People have been making books with computers since at least the 1950s but have employed algorithmic compositional practices well before that. The history of these efforts toward computational literature is interesting and broad, so rather than summarizing it here, I will commend Leah Henrickson's [recent ebr article](https://electronicbookreview.com/essay/constructing-the-other-half-of-the-policemans-beard/?) on the well-known The Policeman's Beard is Half-Constructed, and the excellent work James Ryan is doing with Aleator Press.

Reading Computer-Generated Bookss

Also, Leah, James, and Leonardo Flores recently joined me in a panel session for SLSA 21 focused around the theme "Reading Computer-Generated Books".

Abstract

Computational literature -- including bookbound and bookish digital artifacts -- are some of the earliest forms of electronic literature and represent a contemporary thread of practice in print-on-demand and small press imprints publishing computer-generated literature. Authors continue to find new audiences and contexts for computational literature. Books are an interface that invites situated reading practices and evokes aesthetics connected to literary genres developed for the print tradition. Reading on screens also creates different expectations and practices, and digital ephemerality has long been considered both a key characteristic and perennial problem for electronic literature.
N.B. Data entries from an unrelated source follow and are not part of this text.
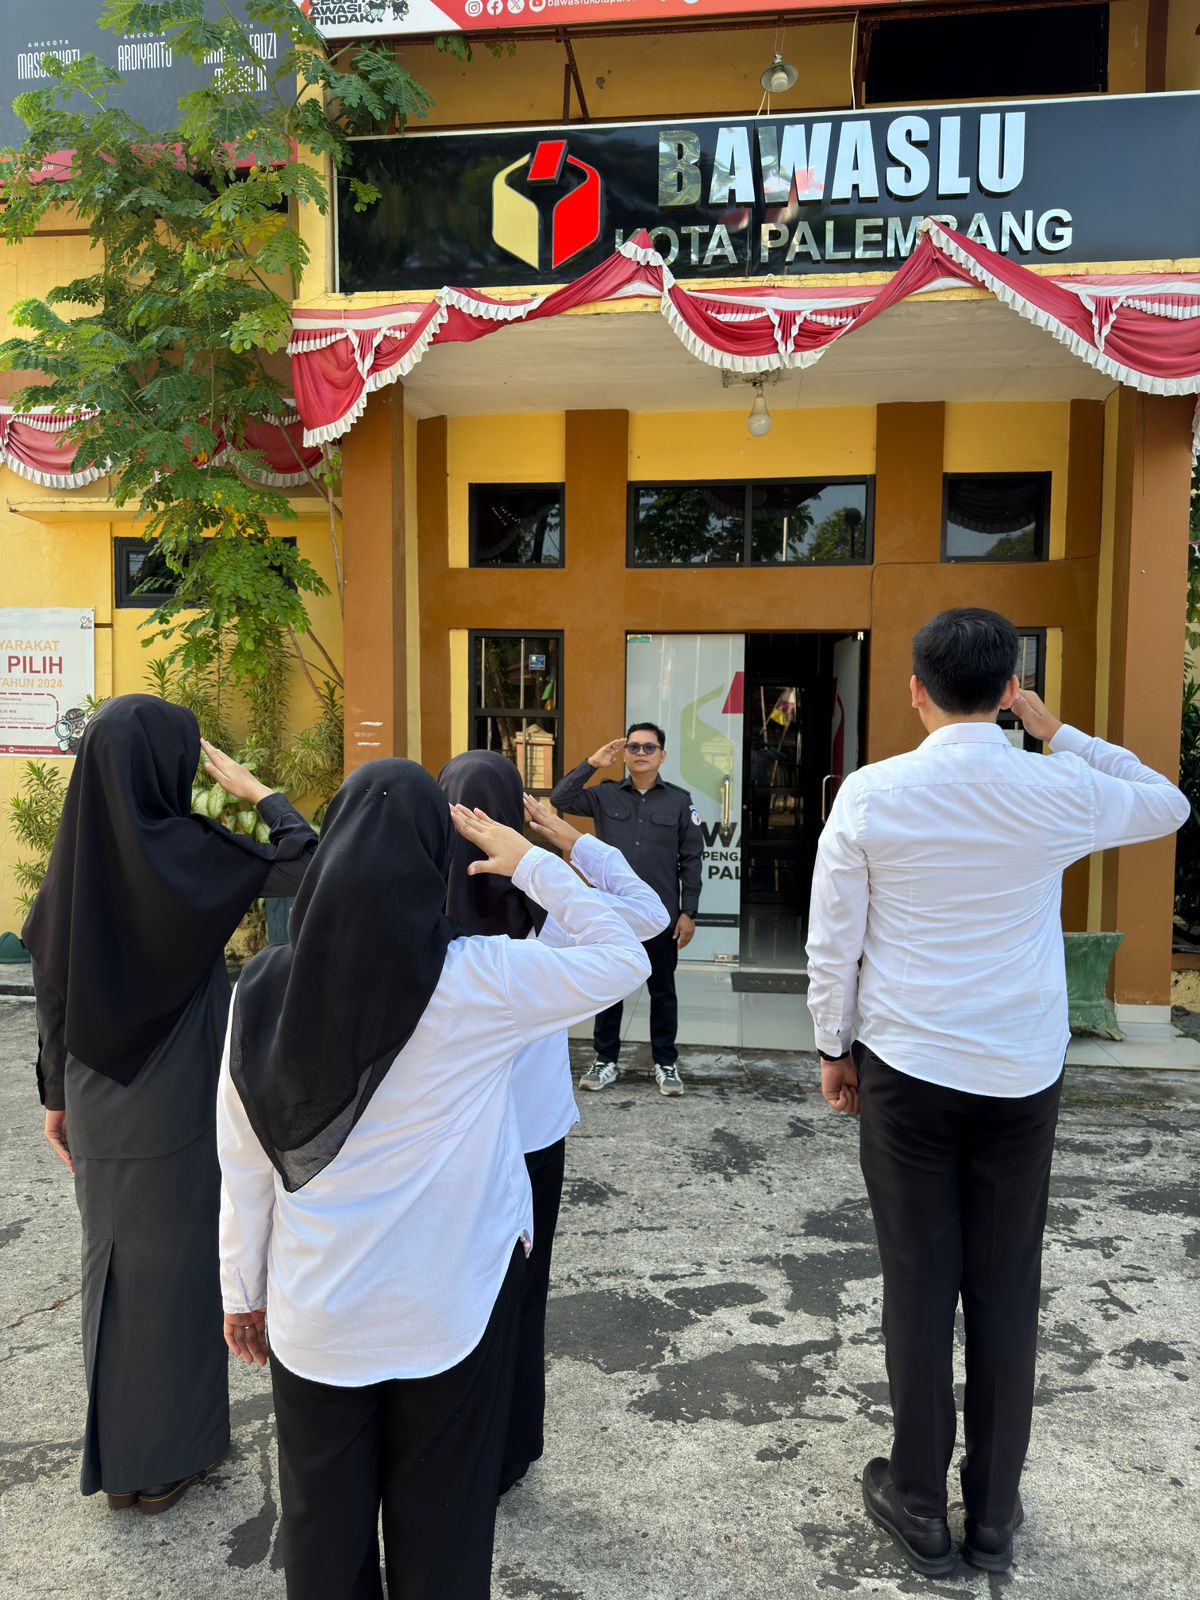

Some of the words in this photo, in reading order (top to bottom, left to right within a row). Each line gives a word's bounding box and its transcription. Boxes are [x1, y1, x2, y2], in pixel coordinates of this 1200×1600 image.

[310, 4, 362, 16] AWASI
[311, 13, 371, 26] TINDAK
[27, 39, 69, 47] ANGGOTA
[117, 41, 172, 71] ARDIYANTO
[658, 111, 1026, 207] BAWASLU
[7, 655, 63, 674] PILIH
[37, 677, 63, 689] 2024
[702, 851, 741, 862] PENG
Signifiers flicker on screens, but computational literature can also find form in the durable specificity of print and near-print artifacts. The aim of this panel is to bring more scholarly focus to bear on literature with programmatic origins that does not depend on an electronic screen as its interface.
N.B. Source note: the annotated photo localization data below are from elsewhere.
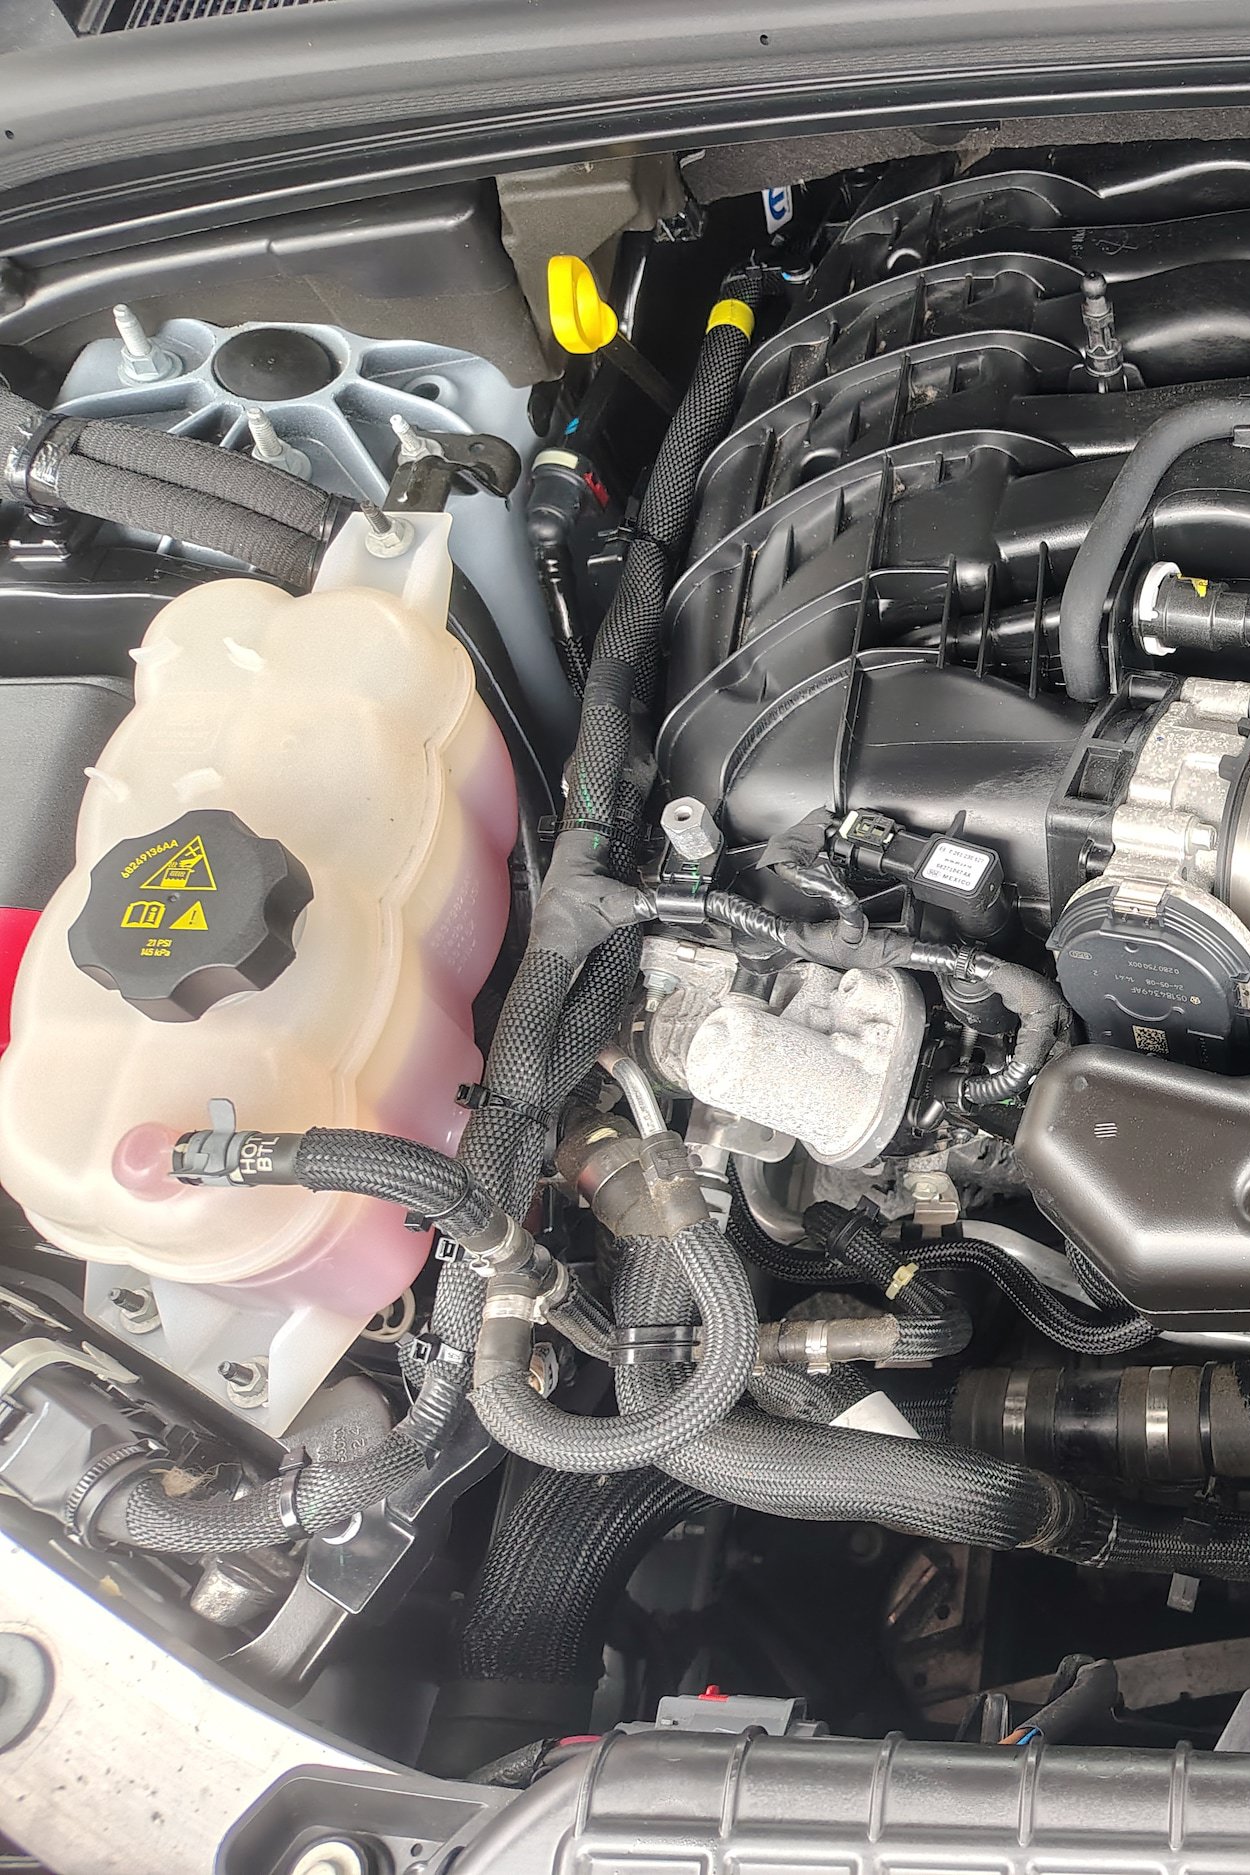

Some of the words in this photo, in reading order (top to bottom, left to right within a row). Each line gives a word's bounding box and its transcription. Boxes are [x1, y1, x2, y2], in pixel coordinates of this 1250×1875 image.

[120, 839, 179, 879] 68249136AA
[942, 874, 971, 886] MEXICO
[141, 948, 154, 957] 145
[154, 948, 171, 957] kPa
[146, 939, 156, 948] 21
[156, 939, 173, 948] PSI
[240, 1136, 263, 1175] HOT
[256, 1136, 280, 1172] BTL
This panel will present four case studies of computational literature ranging from 1677 to the present that will unpack some of the motivations behind producing literary texts using algorithms and some of the interest in reading computational literature in print. Leah Henrickson will examine the social contexts for John Peter’s Artificial Versifying (1677), a system for codifying algorithms for generating verse, and the technological hype that drove its reception. James Ryan will present an account of Svensk Namnbok 1964 (1964), a book of computer-generated surnames commissioned by the Swedish government in the early 1960s to address a national crisis in the lack of surname variety. This, along with the case of a 1957 Pfizer book of computer-generated drug names, shows the power of computational literature as an (oftentimes practical) aid to creativity. Zach Whalen will offer a close reading of Energy Crisis Poems (1974), a small collection of poetry generated on an IBM S370/158 computer at the Standard Oil Data Center by the Cleveland-based poet, r.j.s. (Robert J. Sigmund) in 1974, offering a fitting counterpoint to the energy-intensive processing used in training contemporary AI engines used for text generation. Leonardo Flores will examine Ranjit Bhatnagar’s Encomials: Sonnets from Pentametron (2018) from the perspective of three waves of digital literature, examining the platforms they use, the audiences they cultivate, and the reading experiences they encourage.
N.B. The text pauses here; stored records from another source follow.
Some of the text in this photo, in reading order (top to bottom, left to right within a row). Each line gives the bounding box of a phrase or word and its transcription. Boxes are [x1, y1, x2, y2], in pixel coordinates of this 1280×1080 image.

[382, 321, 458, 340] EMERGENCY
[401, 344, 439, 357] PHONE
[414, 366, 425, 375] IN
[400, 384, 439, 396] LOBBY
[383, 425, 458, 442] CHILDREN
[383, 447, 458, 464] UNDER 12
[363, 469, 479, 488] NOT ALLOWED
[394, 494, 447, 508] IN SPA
Focusing on print-bound computational literature offers an opportunity to consider specific audiences, social contexts, and medially-specific interventions for creative computing. By examining related works across distant time periods, contemporary aesthetic practices and concepts around computational literature come into sharper view, and the closely-themed papers assembled into this panel represent an emerging field of interest in the study of digital literature.

https://www.youtube.com/watch?v=qVdQGbm4g-o

Video of a recent panel from SLSA including me, Leah Henrickson, James Ryan, and Leonardo Flores.